By Amanda Cooper and Samuel Indyk
LONDON (Reuters) -French assets slid along with the euro on Monday, after new Prime Minister Sebastien Lecornu resigned given mounting pressure from leftist lawmakers over his budget plans, thrusting the euro zone’s second-largest economy deeper into crisis.
Paris’ CAC 40 dropped 2%, making it by far the worst-performing index in Europe, as banking shares came under heavy fire, leaving BNP Paribas, Societe Generale and Credit Agricole down 4-5%.
The euro slid 0.7% on the day to $1.1665.

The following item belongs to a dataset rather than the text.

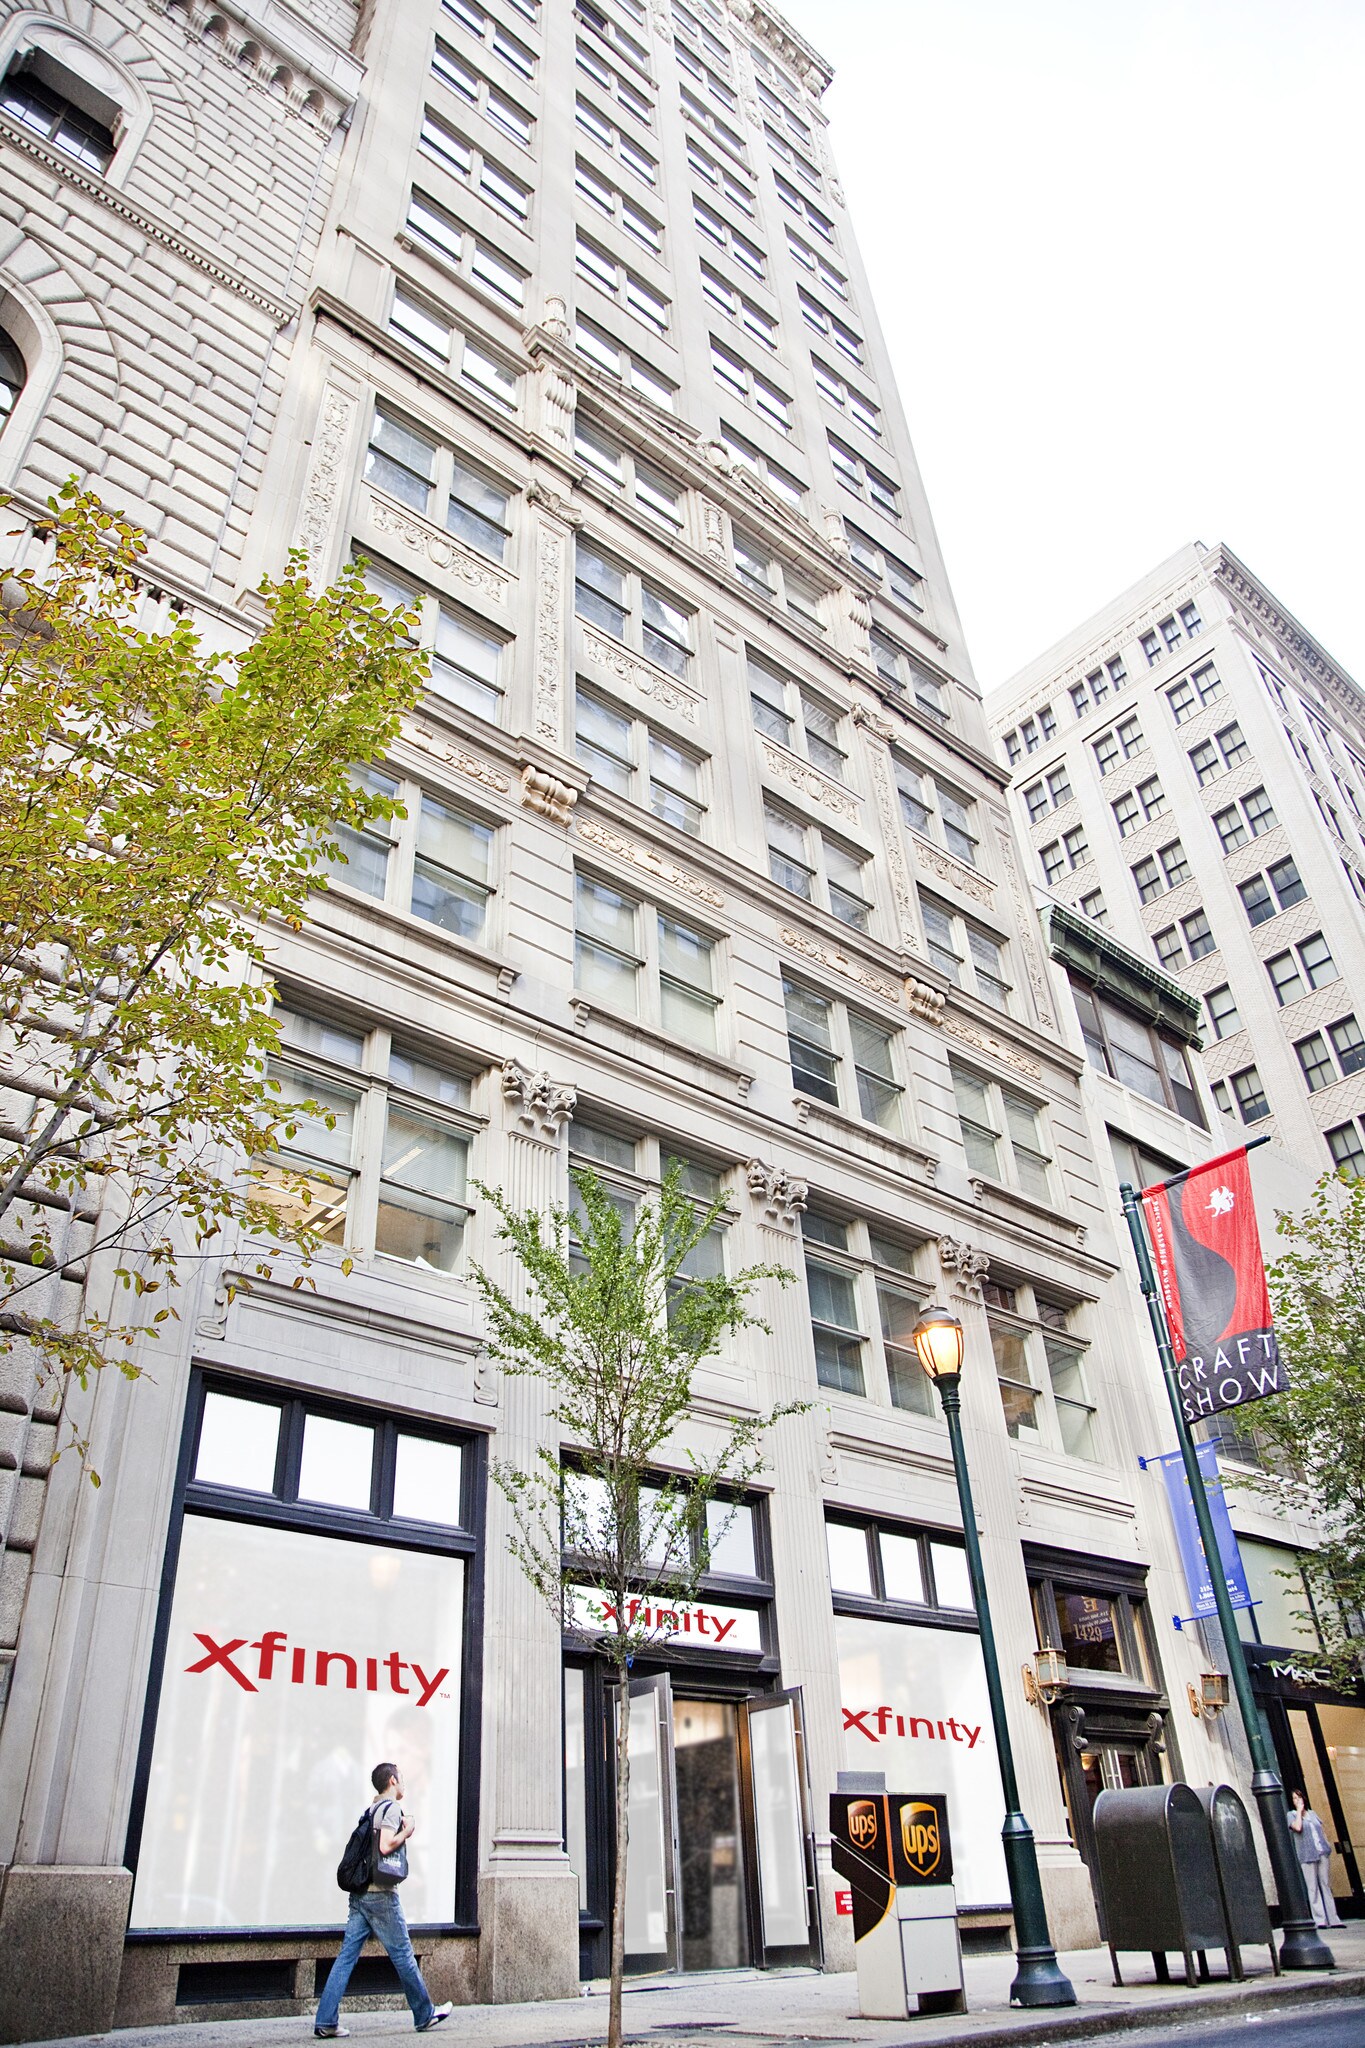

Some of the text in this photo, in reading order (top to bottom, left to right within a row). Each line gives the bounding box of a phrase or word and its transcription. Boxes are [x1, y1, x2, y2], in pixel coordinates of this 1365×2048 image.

Lecornu’s swift resignation was unexpected and unprecedented and marked another major deepening of France’s political crisis.
“It’s concerning that the new cabinet only lasted 12 hours,” said Danske Bank analyst Kirstine Kundby-Nielsen.

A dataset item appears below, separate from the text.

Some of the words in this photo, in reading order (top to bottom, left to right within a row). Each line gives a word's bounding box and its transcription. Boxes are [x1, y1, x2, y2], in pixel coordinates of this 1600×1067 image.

“There seems to be no willingness in parliament for a budget to be passed, so I think yields higher, pressure on euro-dollar in the near term.”
French mid-cap stocks were hit hard, tumbling 3% and set for their largest one-day drop since April, while other European markets did not go unscathed either. The broader STOXX 600 dropped 0.4%, while Germany’s DAX fell 0.2%.
“It certainly makes people wary about European assets at this point because of the uncertainty and the spillover effects that go from France just being unable to find its way out of this malaise,” IG Group chief market analyst Chris Beauchamp said.
French bonds came under pressure, pushing yields on benchmark 10-year debt up 7.4 basis points to 3.585%. That left the premium investors demand to hold French debt, rather than triple-A rated German paper, at 86.58 bps, the most since January this year.
This spread hit a 2012 high of 90 bps in last November.